__Exercise aim__. An exact copy of the data is needed, one that excludes all pictures.

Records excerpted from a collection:
↓

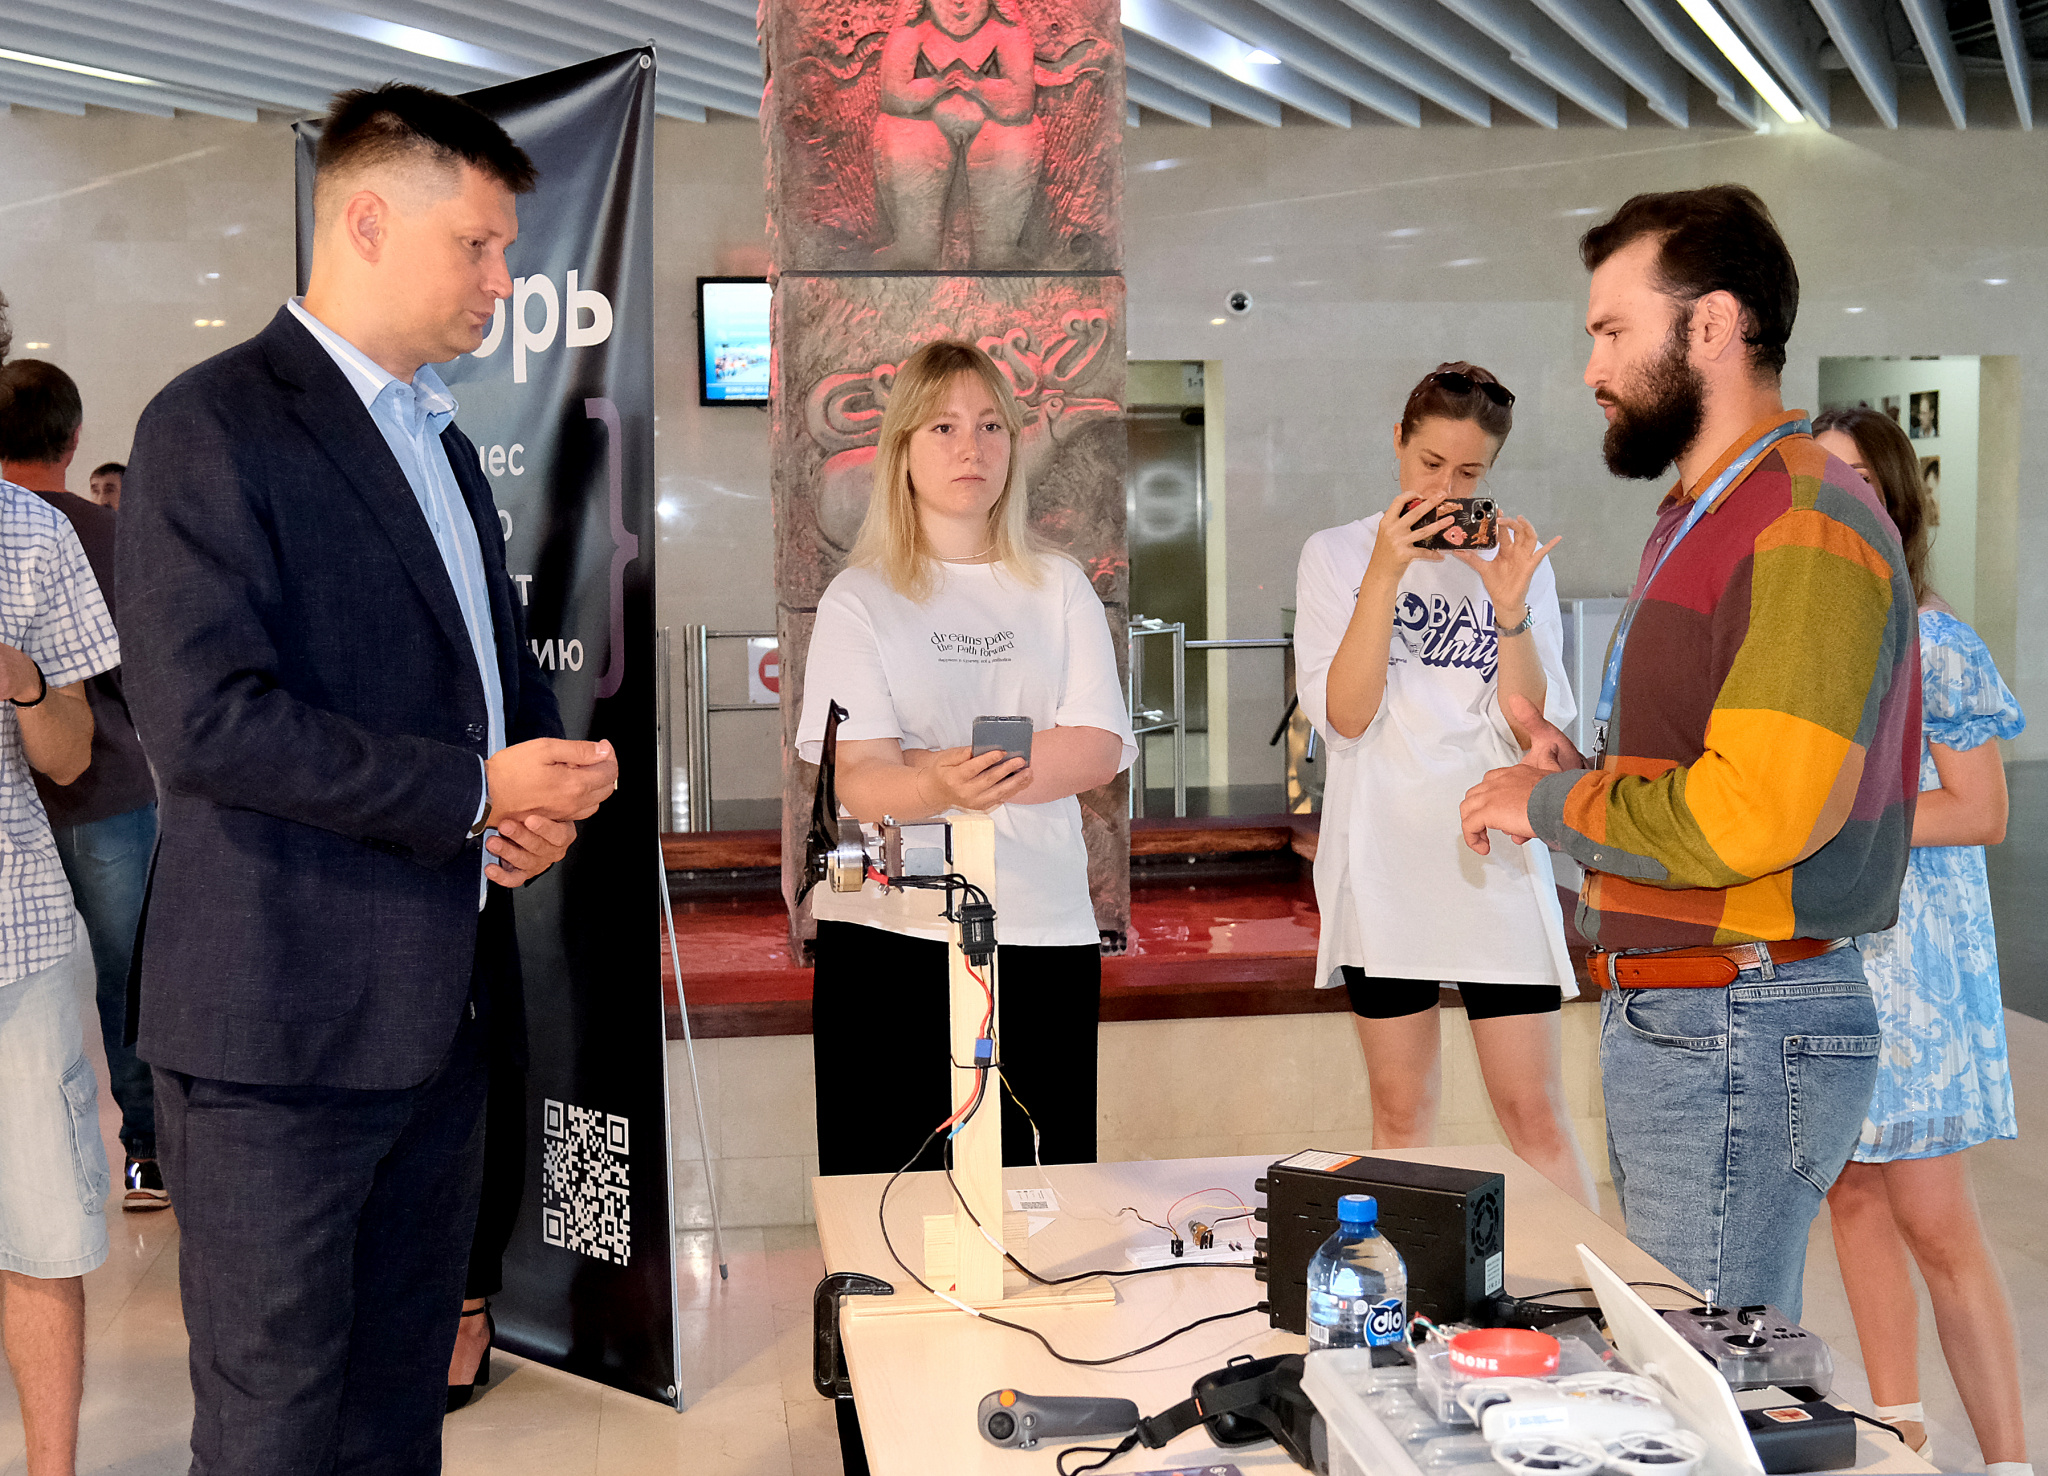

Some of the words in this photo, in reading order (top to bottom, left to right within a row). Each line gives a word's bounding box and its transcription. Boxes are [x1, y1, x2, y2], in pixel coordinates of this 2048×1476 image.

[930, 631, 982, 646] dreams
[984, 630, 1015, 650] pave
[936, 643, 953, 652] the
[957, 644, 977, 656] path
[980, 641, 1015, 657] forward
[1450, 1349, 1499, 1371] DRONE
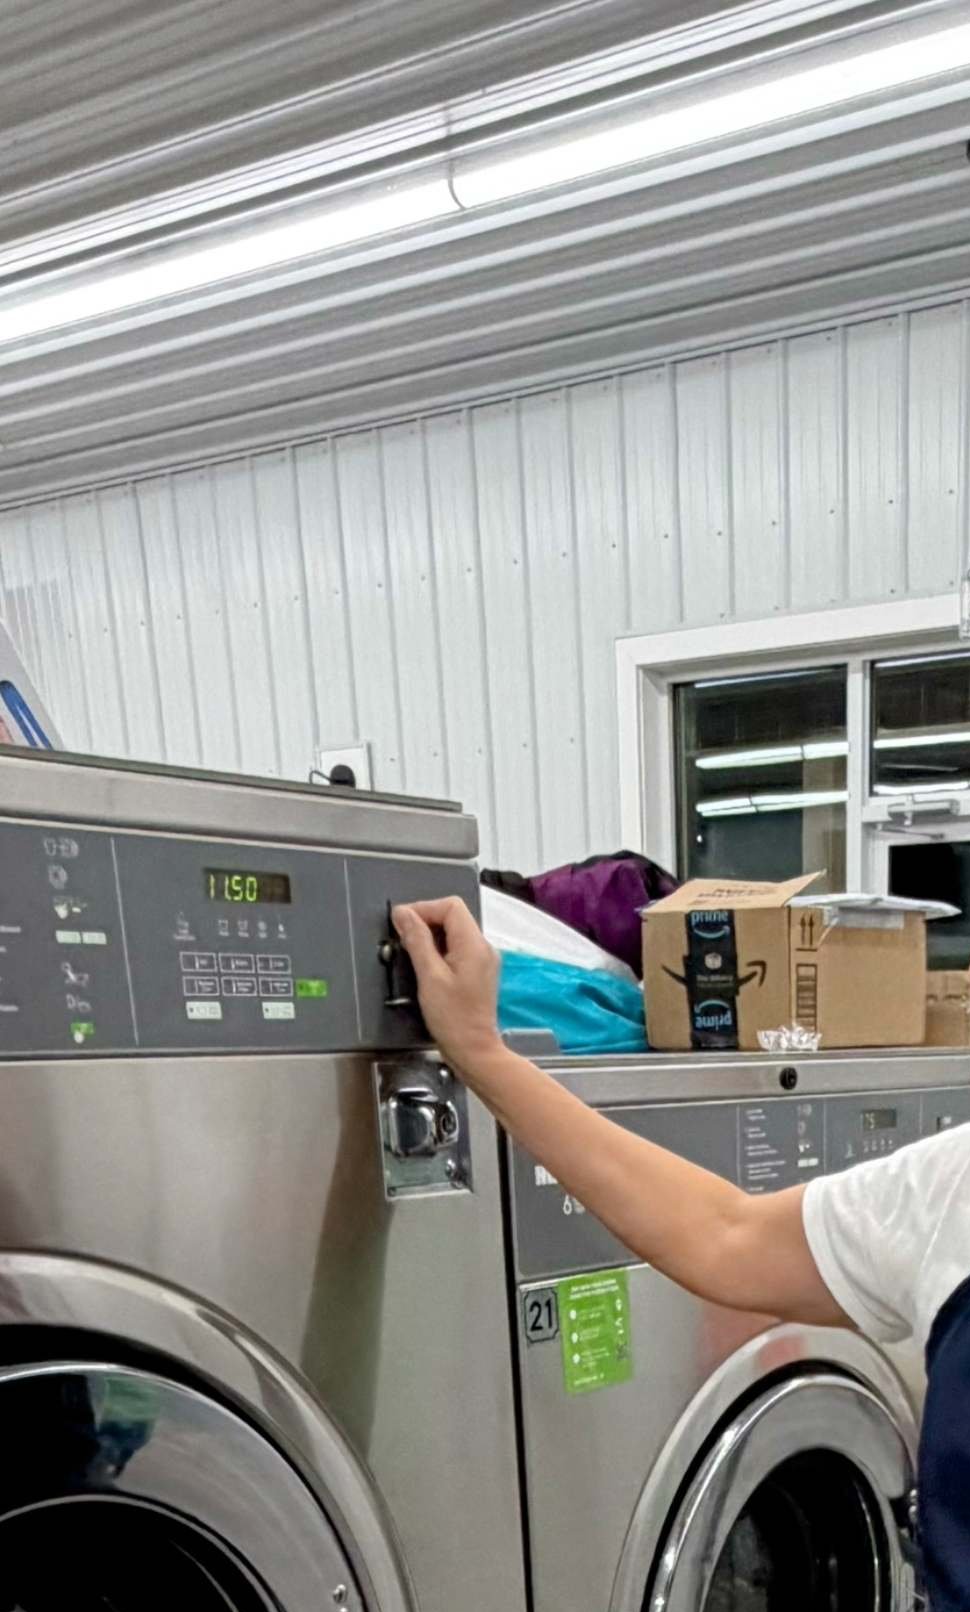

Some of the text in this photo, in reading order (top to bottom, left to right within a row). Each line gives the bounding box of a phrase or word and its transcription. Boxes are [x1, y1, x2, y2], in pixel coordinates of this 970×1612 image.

↑

__Answer to this task__.
Some of the words in this photo, in reading order (top to bottom, left to right within a row). Each line gives a word's bounding box and its transcription. Boxes are [x1, y1, x2, y2], in pixel coordinates of this 2048×1476 image.

[930, 631, 982, 646] dreams
[984, 630, 1015, 650] pave
[936, 643, 953, 652] the
[957, 644, 977, 656] path
[980, 641, 1015, 657] forward
[1450, 1349, 1499, 1371] DRONE

Some of the text in this photo, in reading order (top to bottom, left to right within a row). Each line gives the bounding box of a phrase or word and its transcription. Boxes are [x1, y1, x2, y2], in pixel coordinates of this 970×1612 image.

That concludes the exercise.